-- WHAT THIS TASK INVOLVES --
When a record contains an image, skip the image and retype the rest of that record exactly.

-- RECORDS FOR THIS TASK --
::::::

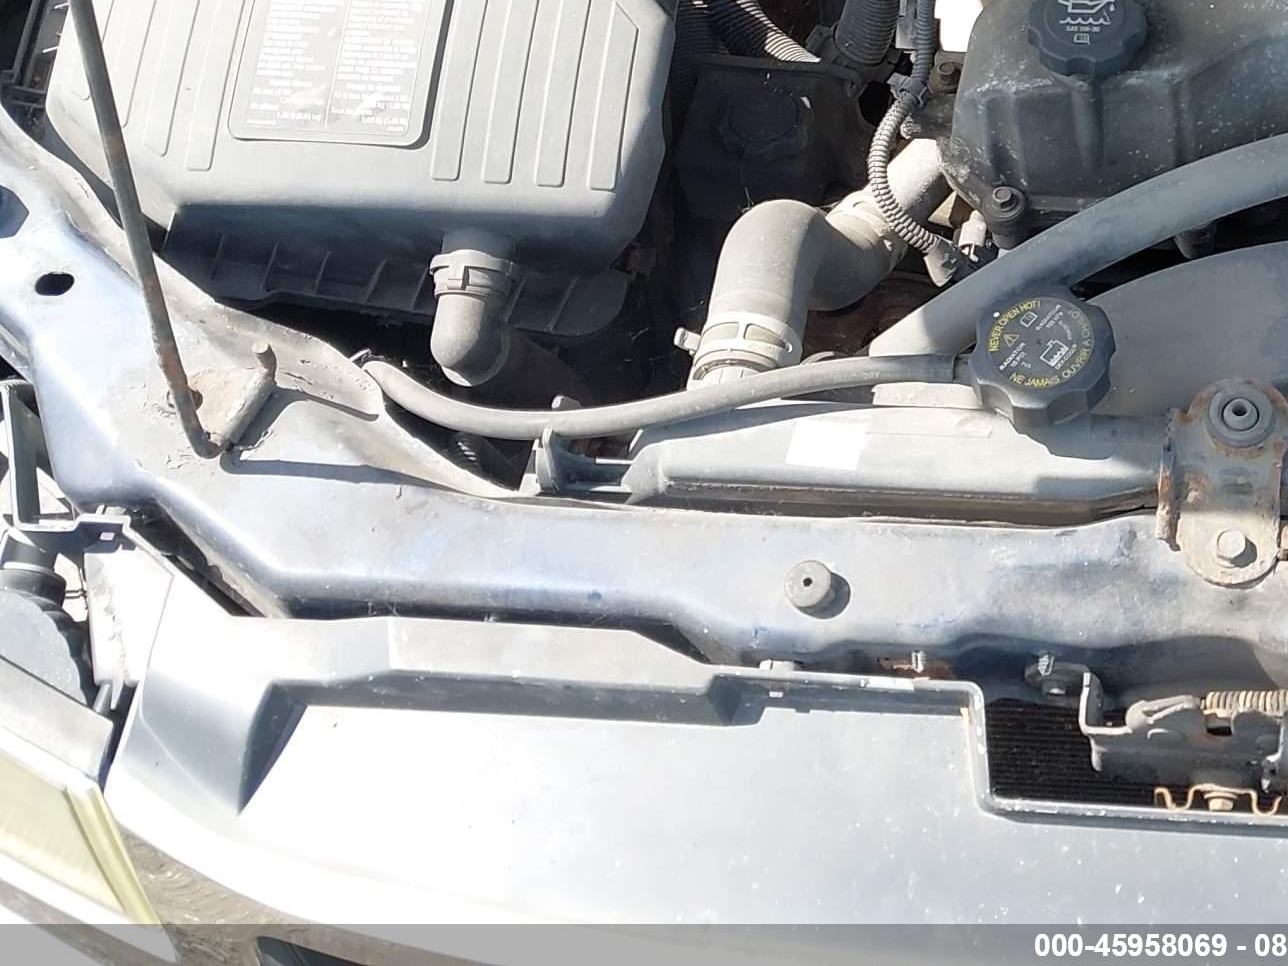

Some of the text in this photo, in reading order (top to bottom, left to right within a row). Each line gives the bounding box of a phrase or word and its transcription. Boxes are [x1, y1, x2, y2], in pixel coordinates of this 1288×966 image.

[989, 300, 1040, 352] NEVER OPEN HOT!
[999, 342, 1026, 370] RADIATOR
[1009, 372, 1025, 384] NE
[1024, 375, 1060, 387] JAMAIS
[1062, 348, 1090, 378] OUVRIR
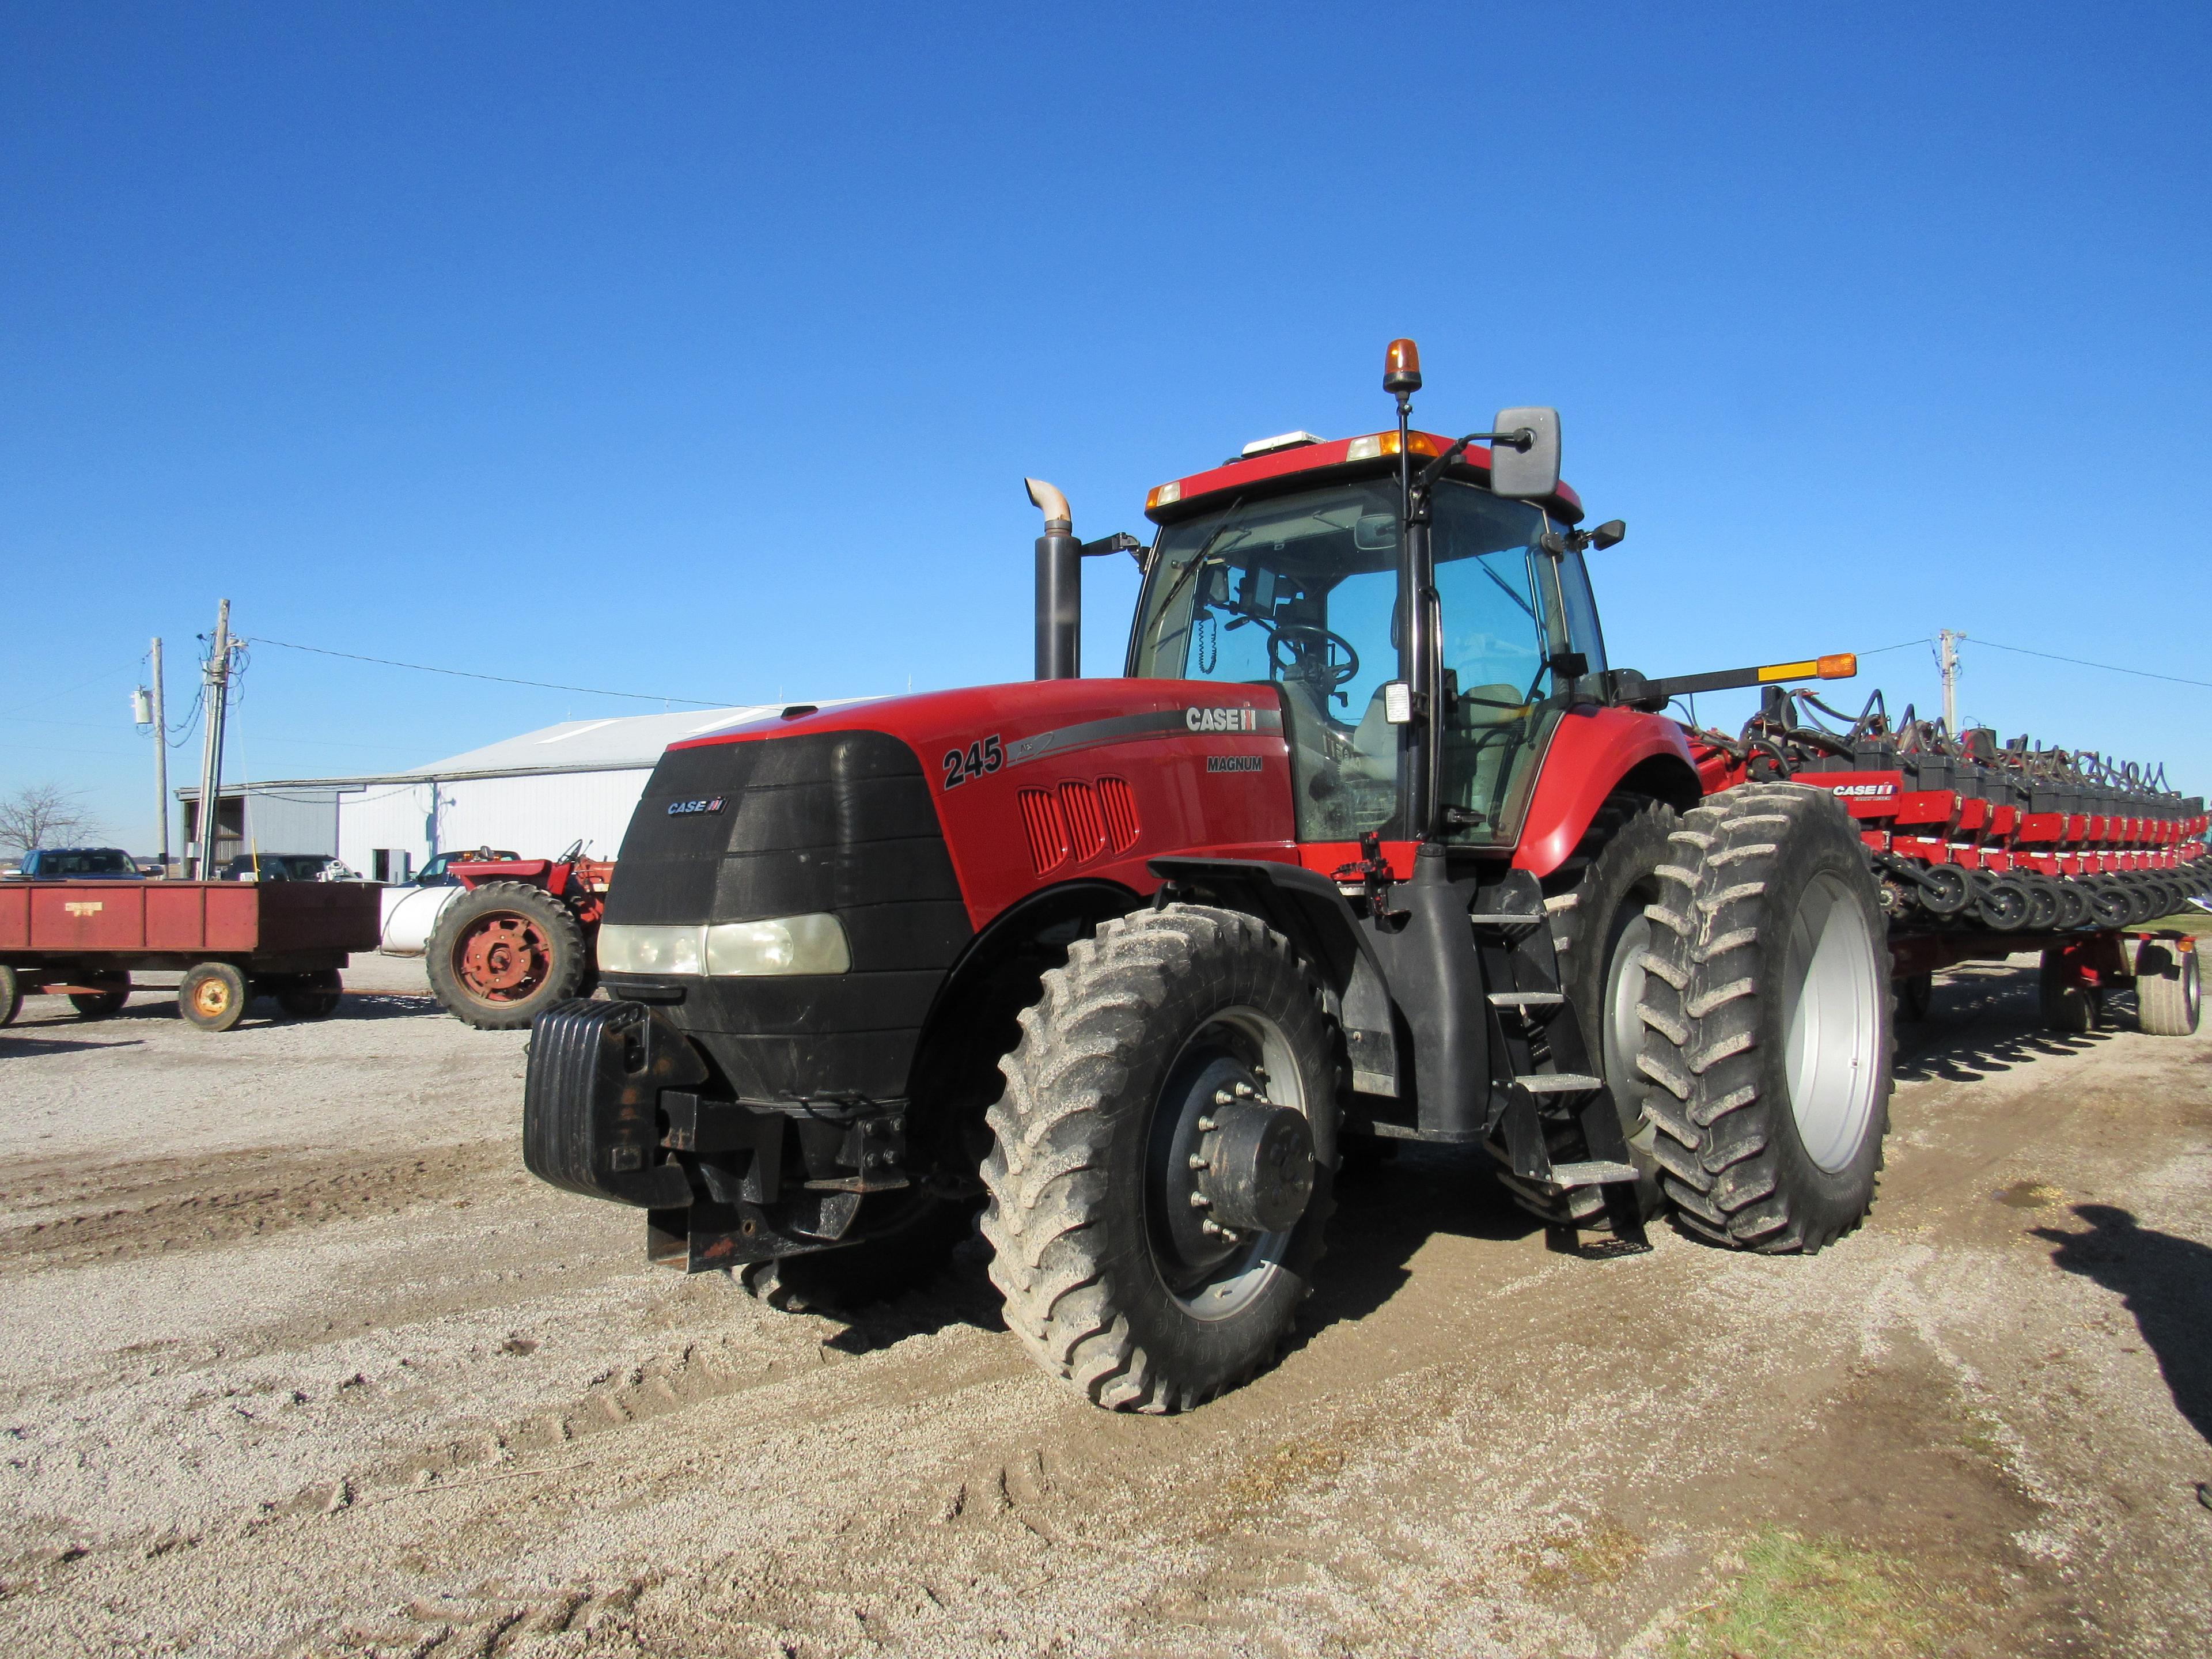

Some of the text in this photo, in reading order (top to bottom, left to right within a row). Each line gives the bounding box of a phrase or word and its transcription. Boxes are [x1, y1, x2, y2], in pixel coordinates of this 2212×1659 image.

[1186, 707, 1238, 732] CASE
[943, 733, 1003, 791] 245
[1207, 756, 1262, 772] MAGNUM
[1833, 785, 1877, 796] CASE
[668, 801, 706, 815] CASE
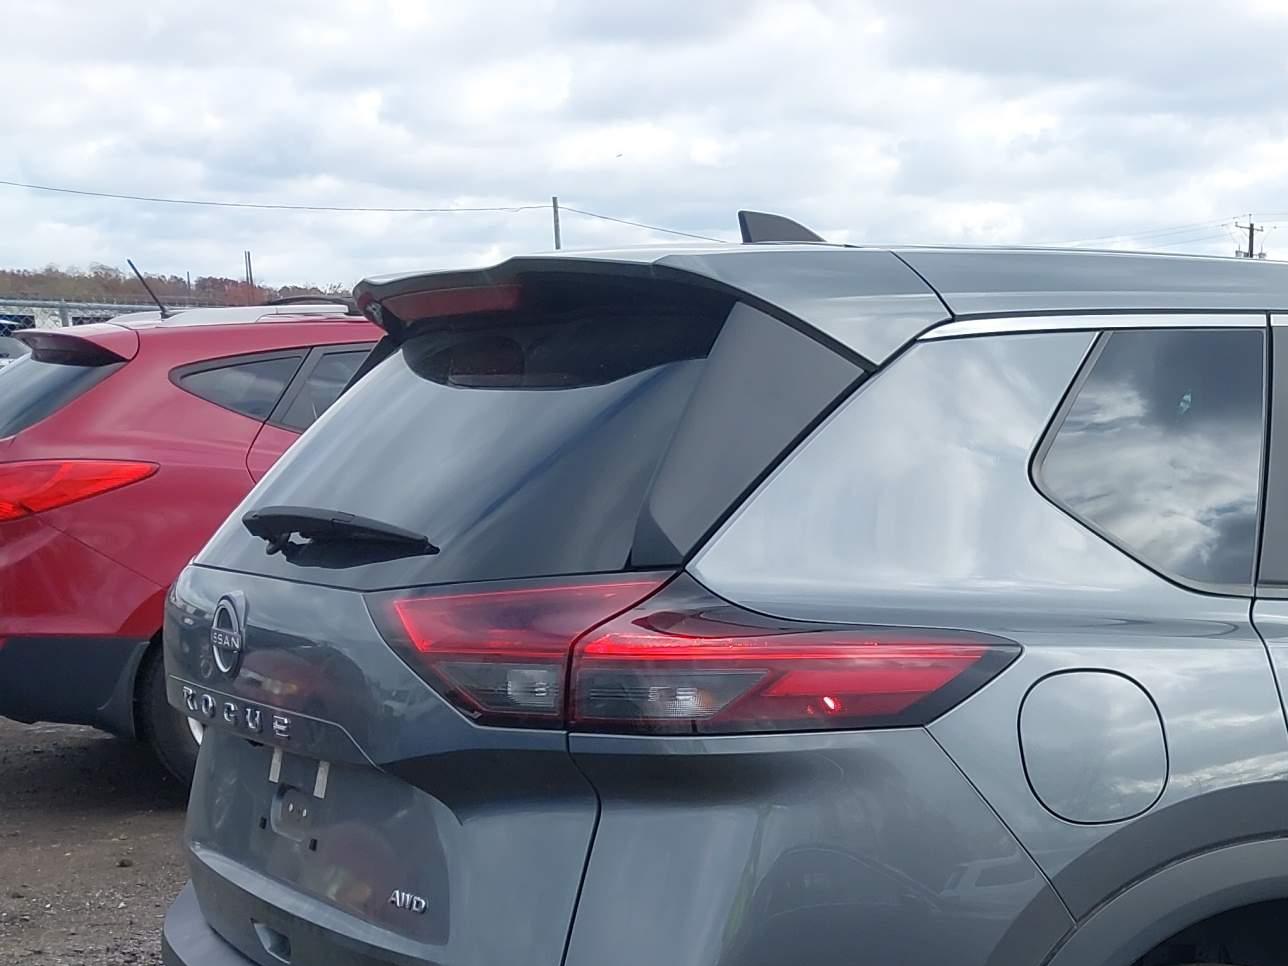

::::::

-- ANSWER FOR THIS EXERCISE --
Some of the text in this photo, in reading order (top to bottom, left to right within a row). Each line gives the bounding box of a phrase or word and its transcription. Boxes are [x1, y1, x2, y2], in pixel coordinates of this 1288×966 image.

[989, 300, 1040, 352] NEVER OPEN HOT!
[999, 342, 1026, 370] RADIATOR
[1009, 372, 1025, 384] NE
[1024, 375, 1060, 387] JAMAIS
[1062, 348, 1090, 378] OUVRIR

Some of the text in this photo, in reading order (top to bottom, left to right within a row). Each line gives the bounding box of a phrase or word and its transcription. Boxes are [x1, y1, x2, y2], in pixel coordinates of this 2212×1659 image.

[1186, 707, 1238, 732] CASE
[943, 733, 1003, 791] 245
[1207, 756, 1262, 772] MAGNUM
[1833, 785, 1877, 796] CASE
[668, 801, 706, 815] CASE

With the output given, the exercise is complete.